• WHAT THE TASK REQUIRES
Go through the listing below and repeat it exactly, omitting each picture.

• PROVIDED RECORDS
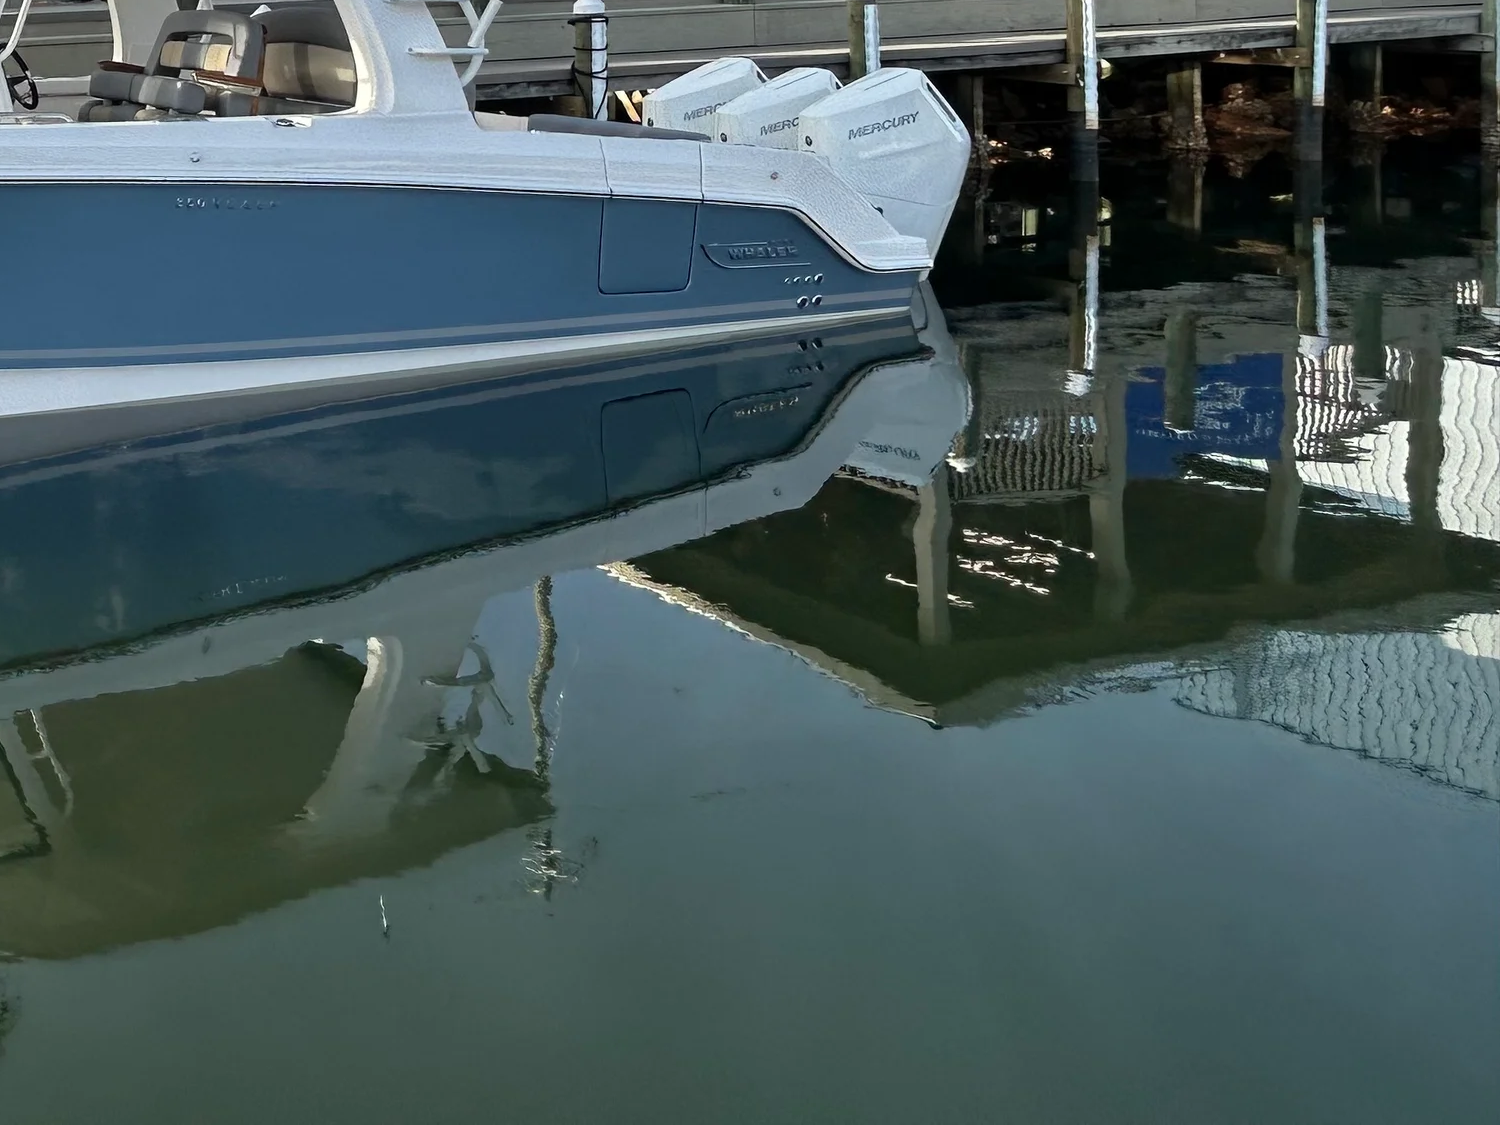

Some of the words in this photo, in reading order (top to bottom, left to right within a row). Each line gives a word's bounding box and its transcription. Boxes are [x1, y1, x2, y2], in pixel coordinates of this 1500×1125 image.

[683, 101, 727, 121] MERC
[760, 116, 800, 136] MERC
[847, 111, 920, 141] MERCURY
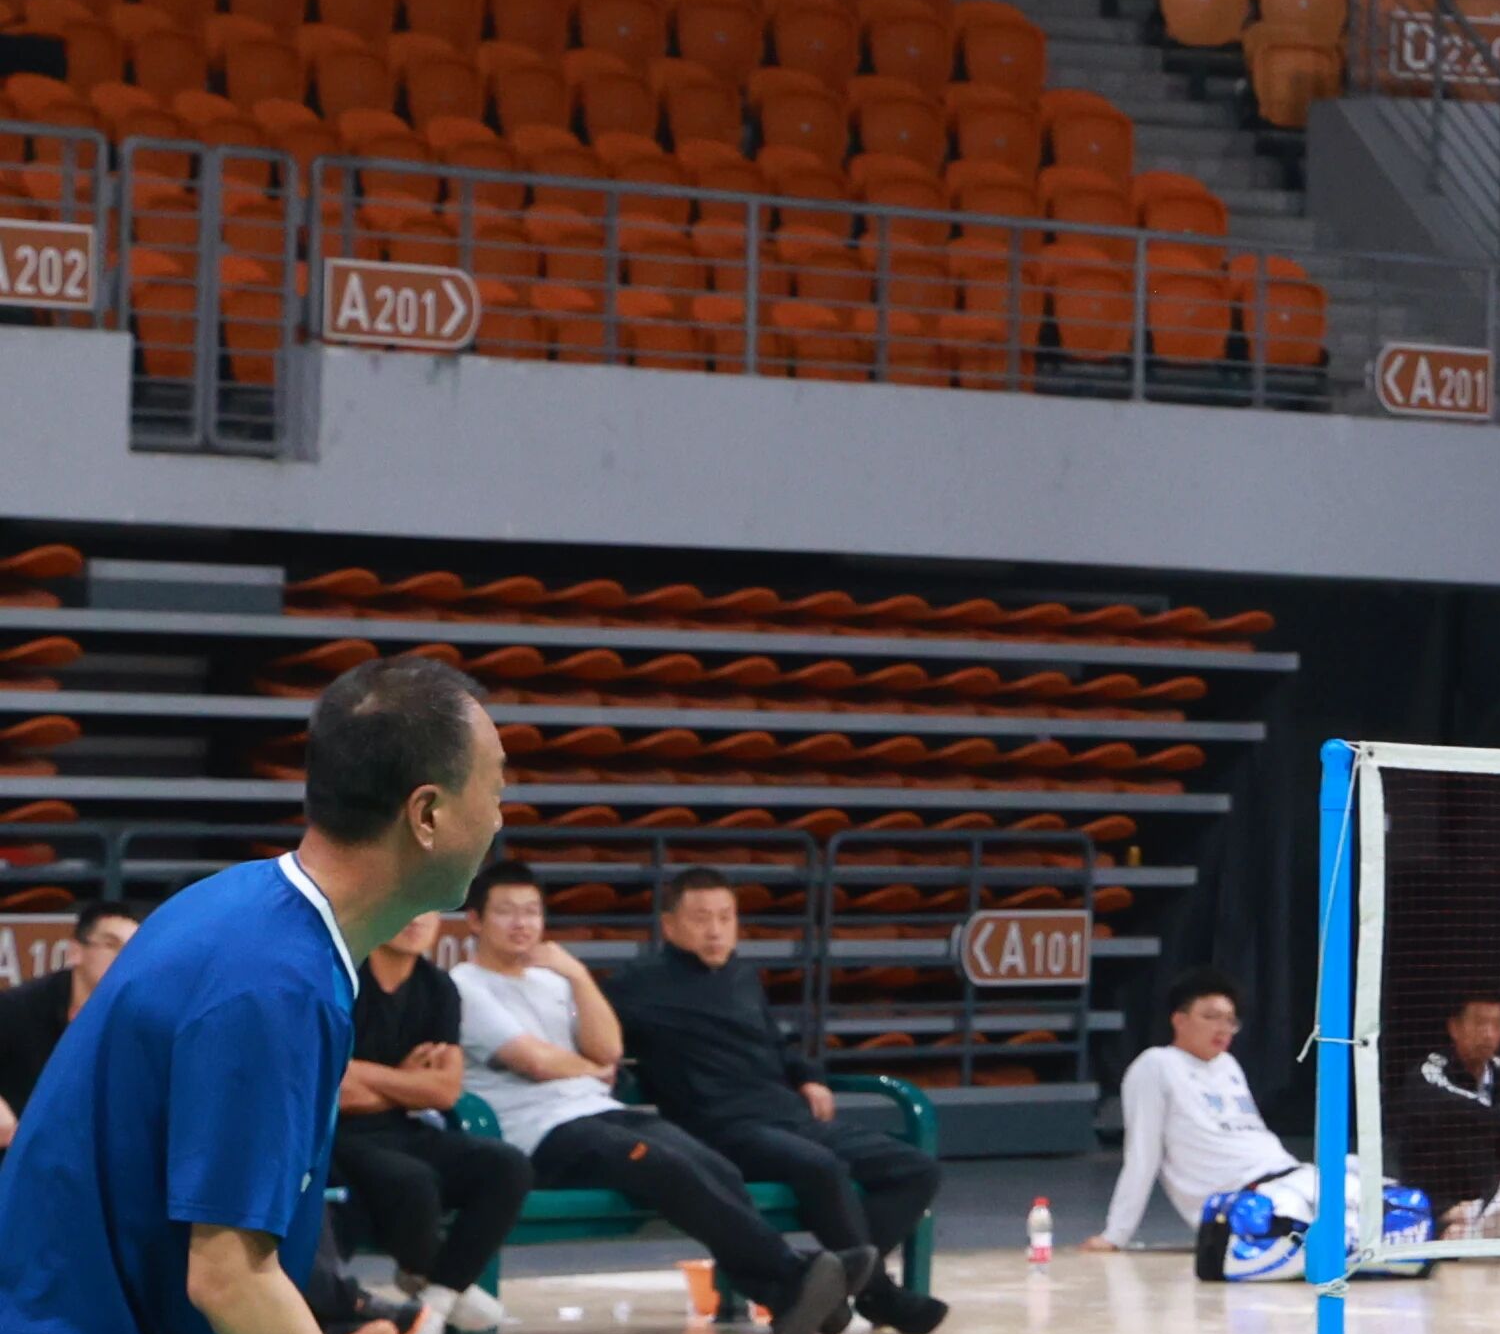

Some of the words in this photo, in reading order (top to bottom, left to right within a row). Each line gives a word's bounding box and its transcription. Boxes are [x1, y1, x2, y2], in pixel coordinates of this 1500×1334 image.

[337, 272, 438, 336] A201
[1410, 356, 1488, 409] A201
[1000, 923, 1082, 976] A101
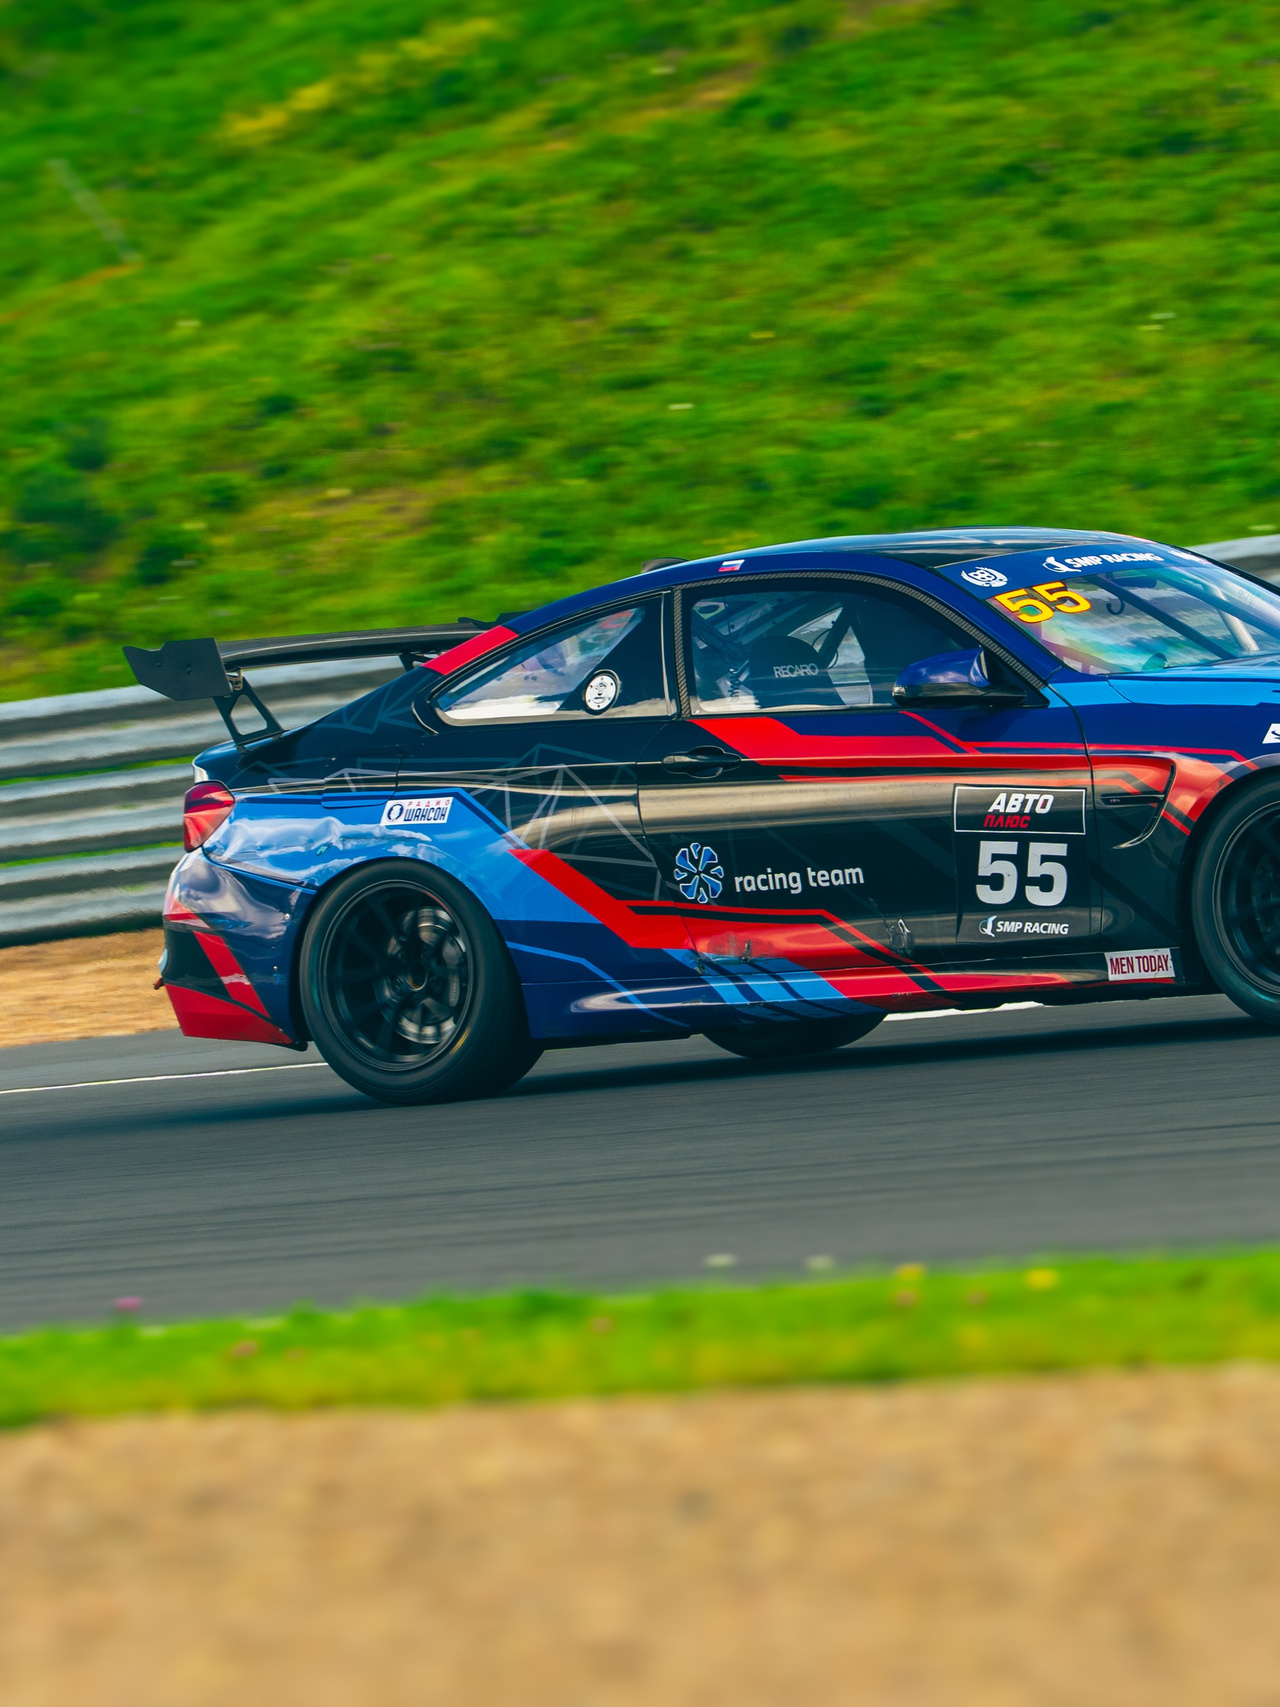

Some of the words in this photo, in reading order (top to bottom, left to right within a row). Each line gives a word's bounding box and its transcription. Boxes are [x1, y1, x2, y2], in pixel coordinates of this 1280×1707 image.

• REPLY TO THE TASK
Some of the words in this photo, in reading order (top to bottom, left to right within a row). Each line gives a word's bounding box and its transcription. Boxes are [x1, y1, x2, y2], in pixel coordinates of this 1500×1125 image.

[683, 101, 727, 121] MERC
[760, 116, 800, 136] MERC
[847, 111, 920, 141] MERCURY

Some of the words in this photo, in reading order (top to bottom, left to right within a row). Each line gives a word's bounding box and its transcription. Boxes are [x1, y1, x2, y2], in pixel coordinates of this 1500×1334 image.

[337, 272, 438, 336] A201
[1410, 356, 1488, 409] A201
[1000, 923, 1082, 976] A101

Some of the words in this photo, in reading order (top to bottom, left to right within a row). Each line gives a word's bounding box and its transcription. Boxes are [x1, y1, x2, y2], in pixel coordinates of this 1280×1707 image.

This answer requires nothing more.